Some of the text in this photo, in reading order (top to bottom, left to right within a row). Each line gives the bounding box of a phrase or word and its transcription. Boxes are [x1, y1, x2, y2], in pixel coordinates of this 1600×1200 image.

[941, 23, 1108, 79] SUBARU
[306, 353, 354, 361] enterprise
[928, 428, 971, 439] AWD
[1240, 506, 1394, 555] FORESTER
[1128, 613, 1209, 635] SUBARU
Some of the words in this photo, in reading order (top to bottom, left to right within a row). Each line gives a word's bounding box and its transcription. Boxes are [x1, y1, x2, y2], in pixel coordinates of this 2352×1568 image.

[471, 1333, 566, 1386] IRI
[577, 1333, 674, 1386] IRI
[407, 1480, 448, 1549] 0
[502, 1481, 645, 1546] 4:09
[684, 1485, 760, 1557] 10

--- --- ---

• [What is expected]:
The expected output is an exact copy of all the records above.

• [Written solution]:
Some of the text in this photo, in reading order (top to bottom, left to right within a row). Each line gives the bounding box of a phrase or word and its transcription. Boxes are [x1, y1, x2, y2], in pixel coordinates of this 1600×1200 image.

[941, 23, 1108, 79] SUBARU
[306, 353, 354, 361] enterprise
[928, 428, 971, 439] AWD
[1240, 506, 1394, 555] FORESTER
[1128, 613, 1209, 635] SUBARU
Some of the words in this photo, in reading order (top to bottom, left to right within a row). Each line gives a word's bounding box and its transcription. Boxes are [x1, y1, x2, y2], in pixel coordinates of this 2352×1568 image.

[471, 1333, 566, 1386] IRI
[577, 1333, 674, 1386] IRI
[407, 1480, 448, 1549] 0
[502, 1481, 645, 1546] 4:09
[684, 1485, 760, 1557] 10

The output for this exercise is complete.